Tuesday, April 22, 2008

Insurance agents to ride the wave of web2.0 for lead generation and for love

The anonymity of the internet enables many things that at earlier times involved embarrassment. And no, this is not related to porn.

One of the most challenging professions is the job of the sales agent, the door to door person trying to convince suspecting citizens to buy something they do not believe that they need or that they already have, including insurance, and to do this on their home court which for some is hostile territory.

The introduction of the internet brought with it a direct interpretation of the door to door agent in the form of email marketing. The embarrassment for the agent decreased but the annoyance remains. People who used to be troubled answering the doorbell in their pajamas in the middle of a good game on TV, became the target of an infinite junk mail attack. The analogy is not precise of course, because back then there were already other forms of junk mail (inside the mailbox).

Moreover, a good salesman could then as well as now, stand out above the other annoyances and find the way inside the consumers' hearts or at least their homes or their inbox.

Enter the web2.0 or the social web and changes the concept. With the introduction of viral marketing and widgets, the homeowners are becoming, themselves agents of the salesman and they do it willingly. As long as the cool factor exists, people do not mind decorating their websites and blogs with widgets or to forward a video clip to their friends even if they carry a commercial message.

This technology or media to be precise is highly accessible even to the not so tech savvy insurance agent. If until now insurance agents depended on outside help for personal website creation or had to pay for insurance quote websites, widgets technology enables them create their own web presence and for bottom dollar.

A good example is xywidgets.com, creators of the first distributable free insurance quote widget. This widget, installed in websites and blogs enables the insurance agent to sit still and stop knocking on doors altogether by simply multiplying himself thousands of times. Now people who run across the insurance widget in demographic relevant websites and blogs, and suddenly remember they need insurance or would like to evaluate other options, do so through the widget itself, without leaving the current page, all the registered insurance agents are immediately notified, and may return with a quote while the iron is still hot.

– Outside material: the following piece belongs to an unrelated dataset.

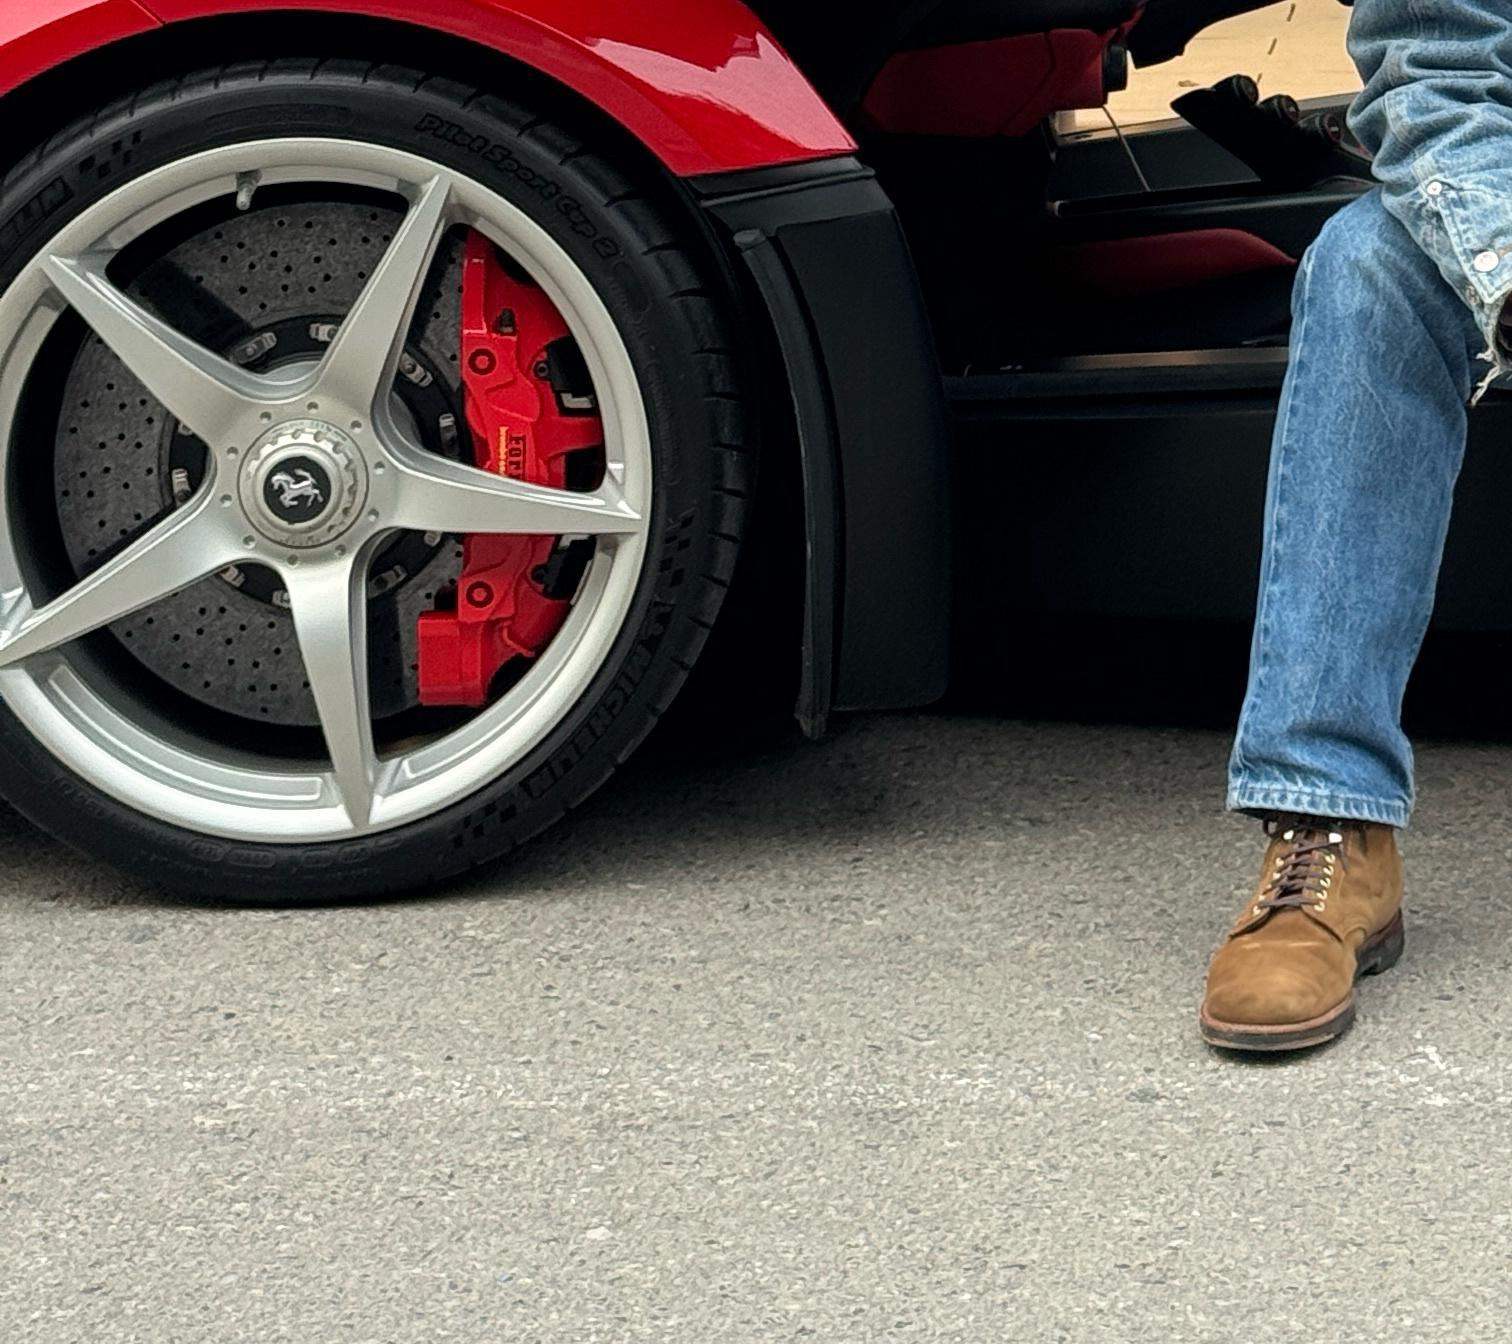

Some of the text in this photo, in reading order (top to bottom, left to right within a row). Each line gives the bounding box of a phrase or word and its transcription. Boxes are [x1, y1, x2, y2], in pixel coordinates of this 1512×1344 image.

[416, 114, 618, 258] Pilot Sport Cup 2
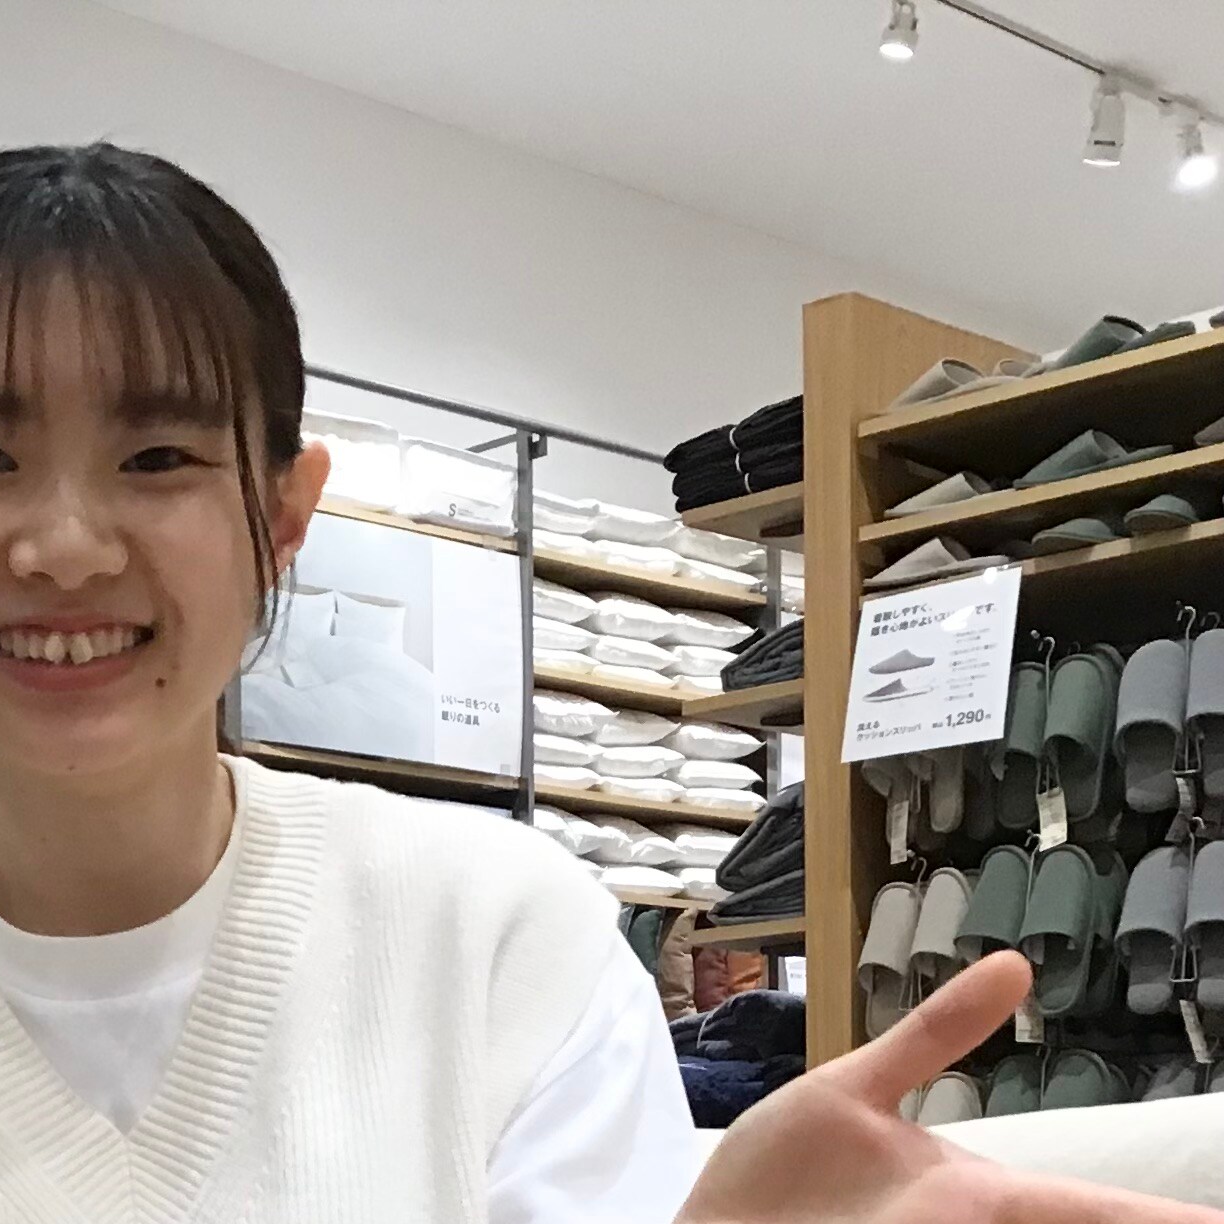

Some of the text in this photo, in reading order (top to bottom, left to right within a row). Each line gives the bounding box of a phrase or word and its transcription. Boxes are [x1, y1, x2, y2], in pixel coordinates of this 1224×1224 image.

[870, 602, 997, 637] 履き心地がよいスリです。
[441, 694, 500, 714] いい一日をつくる

The need for insurance as well for many other products which sales agents were always trying to sell actually exists, people do need insurance, but the challenge is to find those who do. Once you find the way to do that, the annoyance, the spamming and the embarrassment are all gone, and people can actually like their sales agent.


 

Tuesday, February 12, 2008

Shabbat on the internet

The global village is the new reality, but it is not complete. The world is still round and there still are time zones.

This brings some challenges to the village concept, one of which is the Jewish holiday of Saturday (Shabbat).

Some of the main mitzvahs (Religious rules) relates to keeping the Shabbat as a day of rest when all work and business are not allowed.

According to Judaism, the Shabbat begins on the evening of Friday and ends after the sun sets on Saturday.

Enter the Internet and the different time zones and now you have a problem.

The issue of keeping the Shabbat on the Internet is a subject of many debates. When a Jewish related or Jewish owned website owners honor the Shabbat, they usually do so according to their local time. Once the Shabbat ends (on the evening) the site is open for business. However, during this time, a surfer or even a client from a different country where it is still Shabbat may be entering the site and violating the Shabbat with the unwilling help of the religious owner.

Until now the only way to prevent this was to shut down the website for more than 24 hours in order to cover all time differences. But this damaged business and ranking in Google when both potential clients and search bots could not reach the site.

ShomerShabes.com claims it has a solution in the form of a system which enables blocking access to websites during the Shabbat according to the surfers' time zone enabling only those from places where it is not Shabbat to access the website. Others are notified that the site is closed for Shabbat and encouraged to try again when the evening comes in their area.

Wednesday, February 6, 2008

The website is diminishing – will SEO follow?

It is not a bubble anymore – now there are a lot of little ones rapidly filling the webosphere. They are called Widgets and they are coming here to stay.
They started up like the websites used to be – a new thing mostly used for fun and games. But now, websites such as www.xywidgets.com and www.goowy.com are showing that widgets are becoming serious service tools and in fact cancel the need for a website. Take for example the price quotes widgets offered by xywidgets.com.
If until recently there were a few websites offering price quotes for products and services, now the quote widgets do the same without the need for a website. Furthermore, in the website case, great as it may be with fabulous usability and content, it still has to be found and constantly SEOed. The widgets, in turn are viral in nature and are built so that people can easily add them to their existing websites or blogs, where relevancy itself brings the traffic and indeed the conversions. Xywidgets.com offers the webmasters and bloggers a 50% revenue share obtained from professionals replying to quote requests. So, by nature a quote widget for SEO's would most likely be found on websites and blogs discussing web marketing issues because those site owners are most likely to choose this widget for it is the most relevant to their readers and most likely to earn them cash. Does this really mean the end for websites? Not necessarily, we still need the big ships and the malls even if we use more boats and kiosks than before.